Spain Says It Intends to Miss Promised Budget Targets
Shortly after signing an agreement with 25 other European Union leaders for a new fiscal treaty that would punish euro zone countries that failed to meet budget targets, Spanish Prime Minister Mariano Rajoy dropped the bombshell that Spain was going to run a bigger 2012 deficit than the one it had agreed to earlier. Spain's acknowledgment that it planned to ignore its earlier budget promises could send a signal to the markets that European leaders aren't serious about balancing their budgets, despite the much talked about fiscal compact that they just agreed to.
Instead of coming up with a budget that would run an estimated deficit of 4.4 percent of gross domestic product (GDP), Spain now plans to run a deficit of 5.8 percent of GDP. Prime Minister Rajoy tried to reassure the markets that Spain was dedicated to meeting the 2013 budget deficit target of 3 percent of GDP.
Although there might be a lot of disappointment that Spain plans to run a bigger than expected deficit, the reasoning behind Spain's decision is understandable. The country has the highest level of unemployment, with nearly half of its young adults out of work. Spain just announced that unemployment is rising and that the country is falling deeper into recession. Spain now says that it expects its economy to contract by 1.7 percent this year, worse than a 1.5 percent prediction from just one week ago, while the European Commission had forecast an economic contraction of just 1 percent for Spain.
The Spanish government might actually be worthy of praise for its actions instead of rebuke. Instead of following the example set by Greece, Spain is being more honest about its budget planning. The Spanish government is also giving the market a more realistic idea of where the Spanish economy is headed, compared to the rosier outlook provided by the European Commission.
Countries like Greece, Spain and Portugal have long complained that the euro zone response to the sovereign debt crisis has focused solely on reducing deficits. They say that the problem with budget cuts is that they cause the economy to shrink, which leads to lower tax revenue and further rounds of budget cuts.
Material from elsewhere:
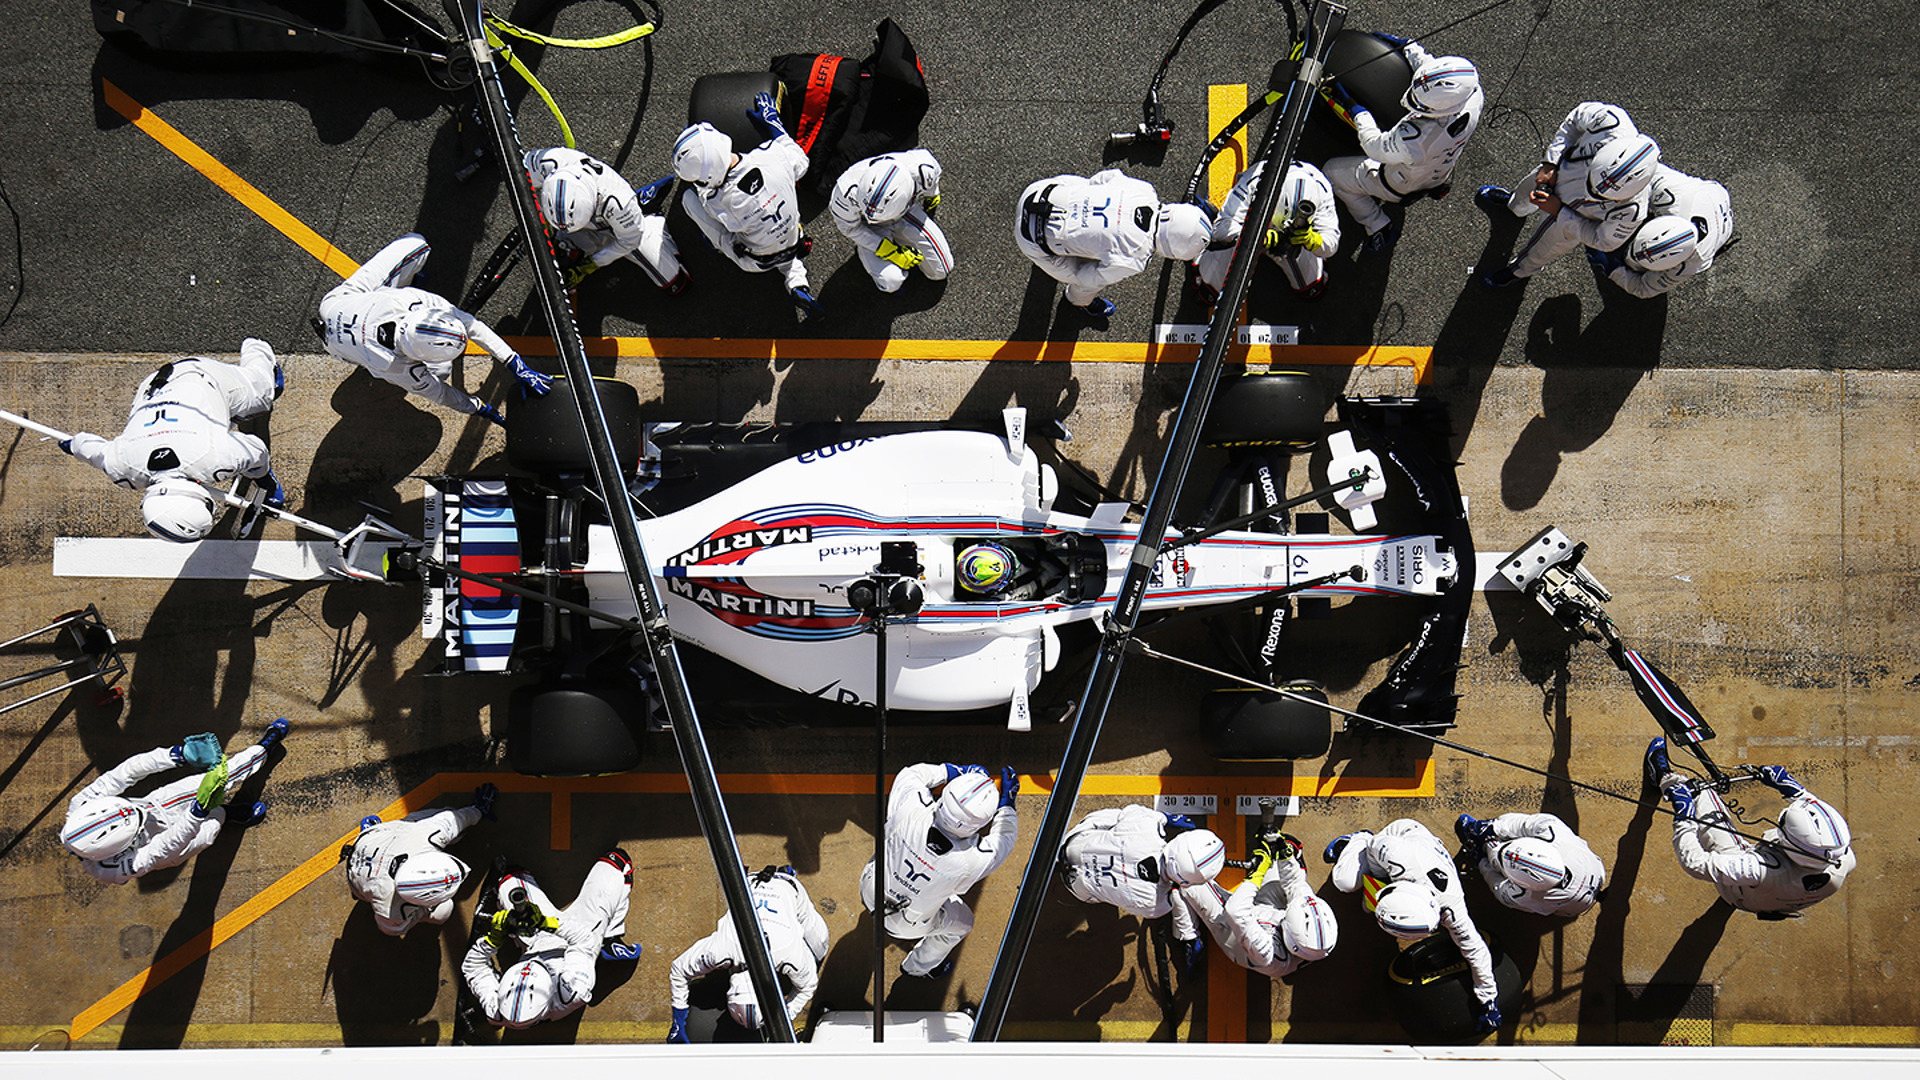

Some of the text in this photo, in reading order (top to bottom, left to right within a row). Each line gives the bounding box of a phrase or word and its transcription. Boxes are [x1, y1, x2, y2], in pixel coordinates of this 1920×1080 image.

Greece and Spain have asked other European leaders to come up with economic plans that focus on growth instead of austerity.
The Spanish decision could also be seen as a preemptive strike against social unrest caused by the country's extremely high unemployment rate. The widely unpopular austerity measures that Greece agreed to in order to receive bailout funds have pushed that country deeper and deeper into recession and have led to nationwide strikes and violent protests. Because of this situation, many wonder whether the Greek government will be able to stick with its austerity measures or be forced to bow to the protesters' demands.
Spain could be trying to get ahead of this potential problem by showing the Spanish people that the government is willing to stand up against Europe for the good of the Spanish people. Shortly after signing the new fiscal compact and announcing that Spain would not meet earlier agreed to budget deficit targets, Spanish Prime Minister Mariano Rajoy said that he had not consulted with other European leaders before making his decision. He said that he was putting Spanish interests first and the issue was a question of Spanish sovereignty. His words must have resonated with protesters in Greece, Spain and Italy who have complained that their countries are giving up national sovereignty to Germany and Europe.
It's too soon to tell whether or not Spain is being reckless but investors might want to consider the fact that the country is being honest about the direction its economy is headed and about how it plans to deal with it. The Greek way of dealing with the sovereign debt crisis has been a disaster, so maybe Spain will how Europe a better alternative.
Traders who believe that Spain's plan not to focus entirely on austerity will work better than the Greek approach might want to consider the following trades:
- Spanish stocks like Telefonica (NYSE: TEF) and Banco Santander (NYSE: STD) could do well if Spain's decision to scale back its austerity measures leads to better economic performance.
- The iShares MSCI Spain Index (NYSE: EWP) ETF is another option for investors who would prefer a more diversified Spanish investment.
Traders who believe that Spain's unilateral decision to have a bigger than expected deficit in 2012 may consider alternative positions:
- The ProShares UltraShort Euro (NYSE: EUO) and the ProShares UltraShort MSCI Europe (NYSE: EPV) could see their share prices climb if investors feel that Spain's decision is a sign that troubled euro zone countries will continue to run up their deficits. The euro and European stocks could fall if investors lose confidence in euro zone countries' ability to lower their deficits.